[Task brief] Give every line of the data again, unchanged, but with no pictures.

───── Record extracts

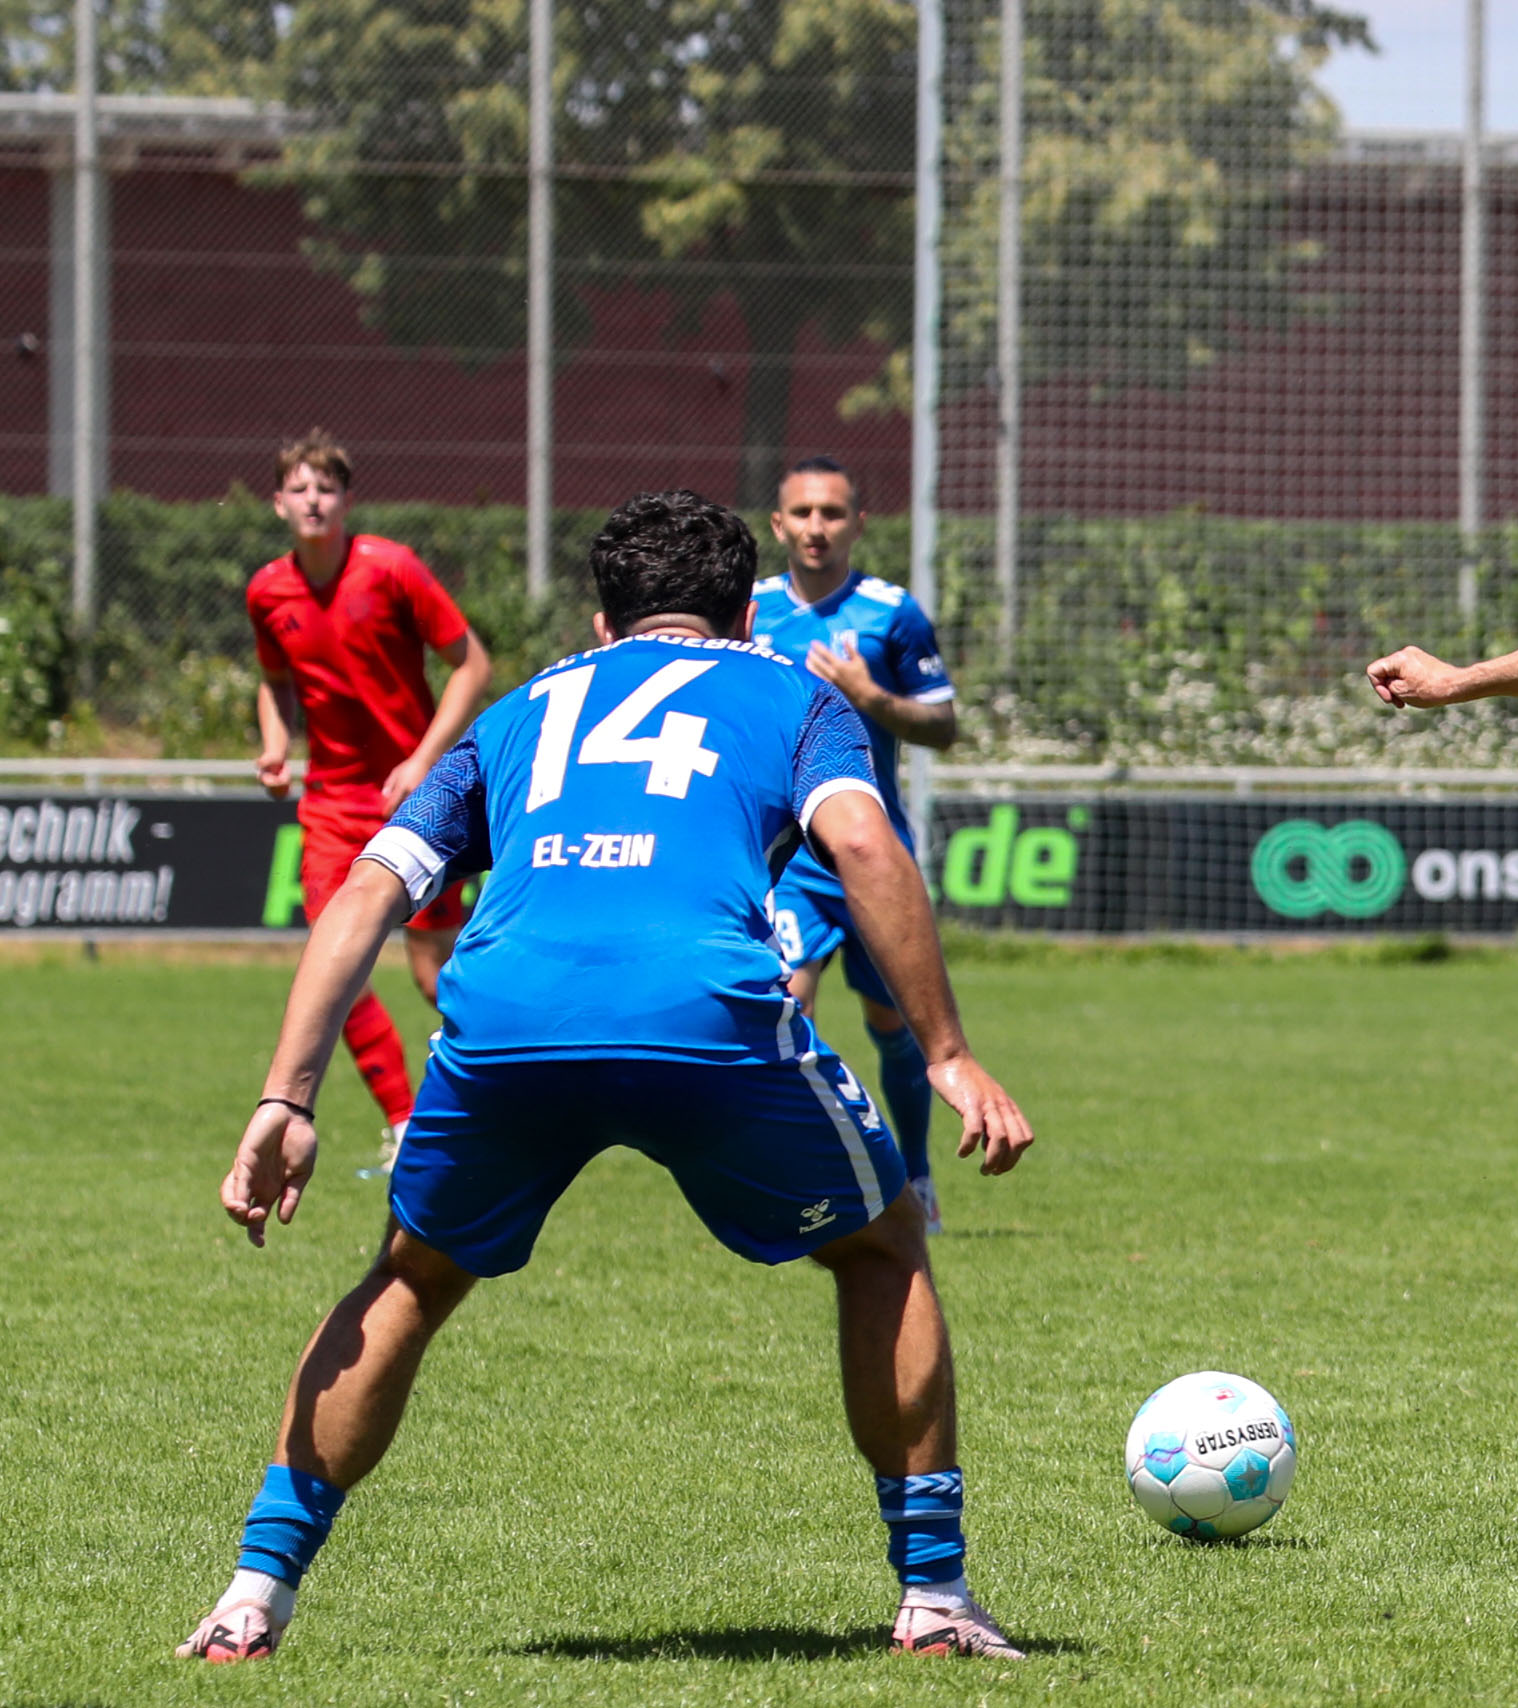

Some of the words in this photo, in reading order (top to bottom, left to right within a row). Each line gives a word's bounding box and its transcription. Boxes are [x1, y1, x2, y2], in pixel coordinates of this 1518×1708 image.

[525, 658, 720, 814] 14
[532, 833, 655, 868] EL-ZEIN
[1195, 1421, 1279, 1455] DERBYSTAR
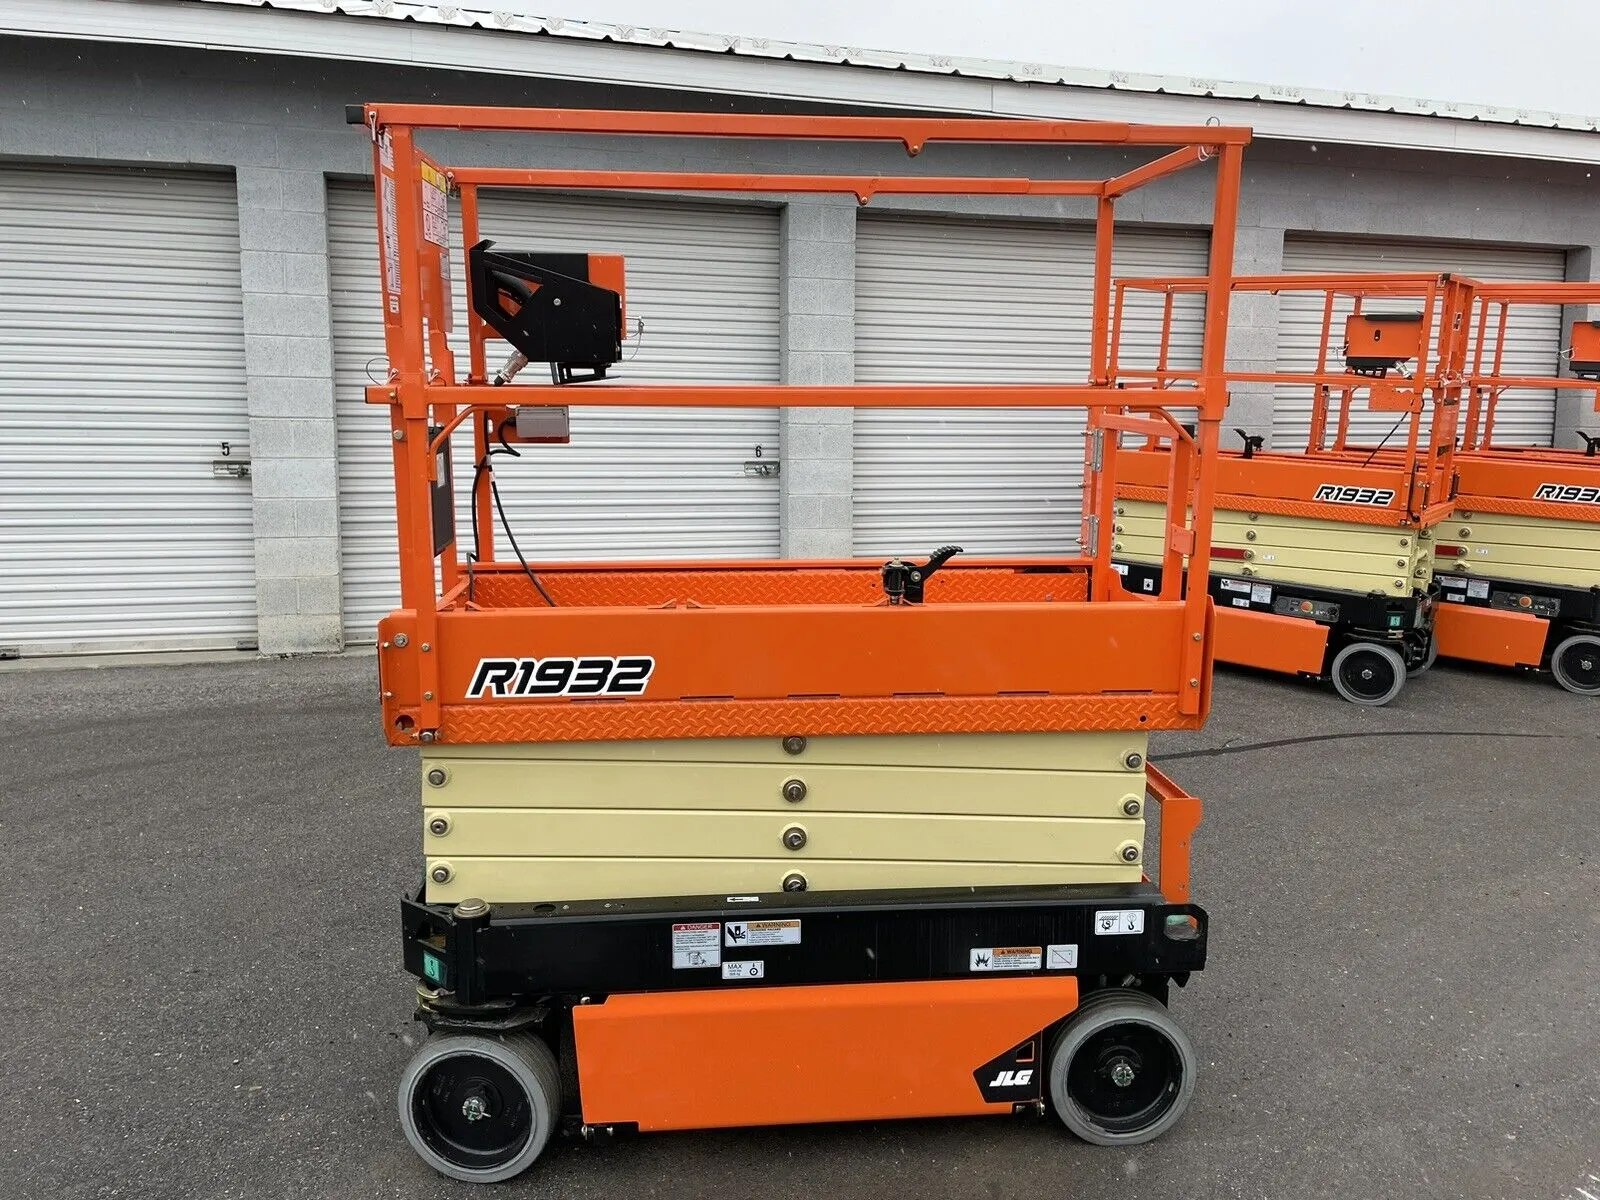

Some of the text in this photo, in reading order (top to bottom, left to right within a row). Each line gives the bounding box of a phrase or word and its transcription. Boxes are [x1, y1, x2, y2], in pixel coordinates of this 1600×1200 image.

──────────

[Written reply]
Some of the words in this photo, in reading order (top to bottom, left to right within a row). Each line gives a word's bounding box and its transcription. Boxes are [x1, y1, x2, y2], in pixel coordinates of this 1518×1708 image.

[525, 658, 720, 814] 14
[532, 833, 655, 868] EL-ZEIN
[1195, 1421, 1279, 1455] DERBYSTAR

Some of the text in this photo, in reading order (top to bottom, left to right within a row). Each line gives the bounding box of a phrase or word and its transcription. Boxes are [x1, y1, x2, y2], in pixel coordinates of this 1600×1200 image.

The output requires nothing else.